We hereby present a case of a 57-year-old woman with a history of pineal GBM treated by stereotactic biopsy, chemotherapy, and radiotherapy, readmitted 38 months later due to gait disturbance, spastic paraparesis, edema of lower limbs, bilateral positive Babinski response, and loss of bladder control. A contrast-enhanced magnetic resonance imaging demonstrated an intramedullary lesion extending from C7 to T3 level. A T1 and T2 laminectomy was undertaken followed by extensive biopsy.
Histologic examination was consistent with GBM. No further treatment was given, and the patient died 2 months after the diagnosis of the spinal metastasis.

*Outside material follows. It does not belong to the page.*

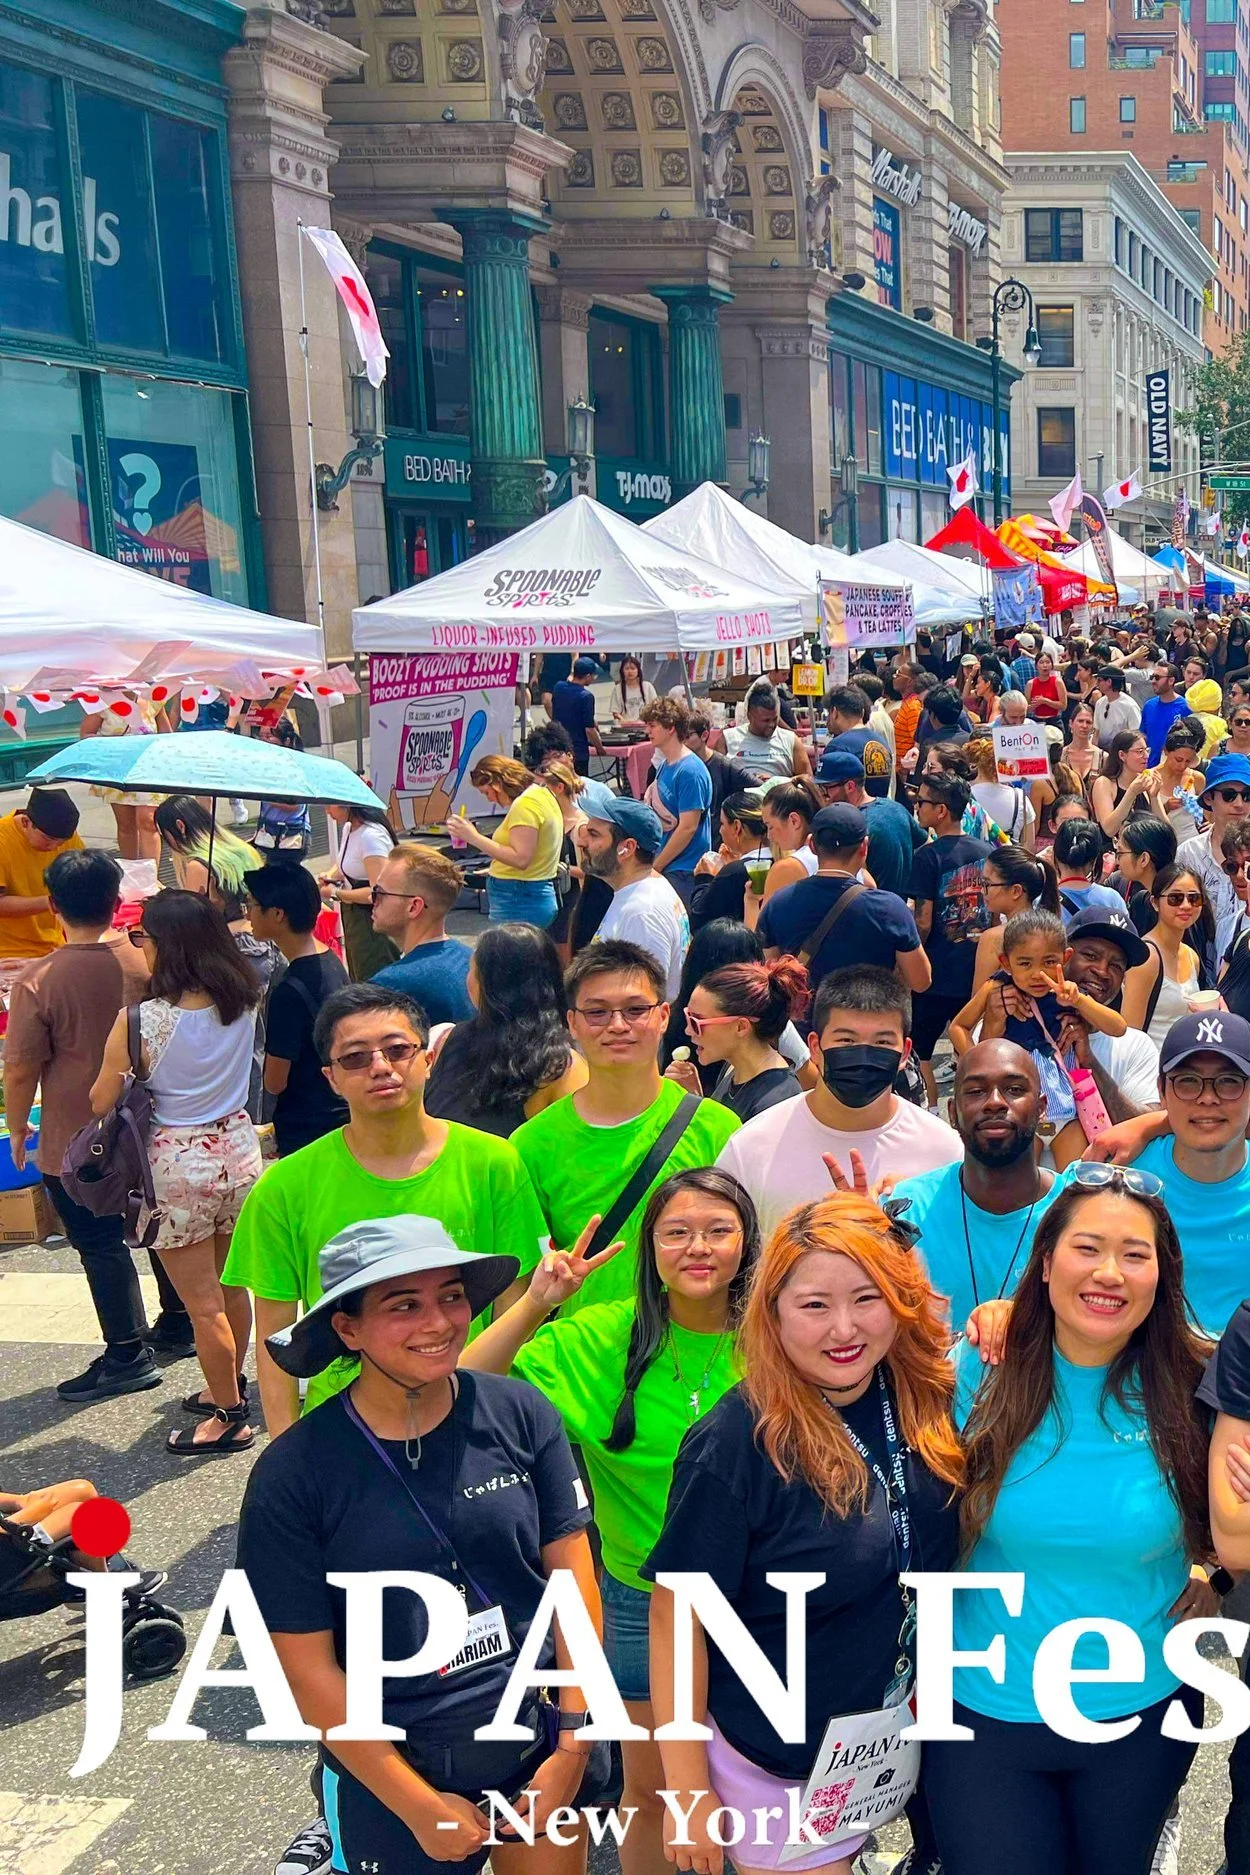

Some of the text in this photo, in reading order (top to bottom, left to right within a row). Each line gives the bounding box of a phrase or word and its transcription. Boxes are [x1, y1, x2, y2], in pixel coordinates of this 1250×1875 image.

Spinal metastases should be commonly suspected in patients with a history of intracranial GBM who complain about symptoms not explained by the primary lesion.Glioblastoma multiforme (GBM) was first described by Rudolph Virchow in 1863 and represents the most common and most malignant tumor of the cerebral hemispheres, usually arising between the ages of 40 and 60 years. The incidence in Europe and North America is 2 to 3 cases/100,000 per year, and 75% of the patients die within 18 months after diagnosis. It is an infiltrating malignancy that recurs locally and it may spread along compact fiber pathways such as corpus callosum, optic irradiation, anterior commisure, and fornix or via cerebrospinal fluid (CSF) pathways. However, when GBM is under apparent control, spinal metastases are clinically rarely detected. Although involvement of the spinal cord (SC) has been noted with increasing frequency in recent years, literature provides only a few well documented cases.
病例报告。
报告一例多形性胶质母细胞瘤(GBM)伴有滴状转移至脊柱的病例,并复习相关文献。
GBM 是最常见的成人恶性脑肿瘤,预后差。这种恶性肿瘤的脊柱转移相当罕见,通常在疾病晚期发生扩散。然而,癌症治疗的最新进展延长了生存期,为这些转移灶出现临床症状提供了足够的时间。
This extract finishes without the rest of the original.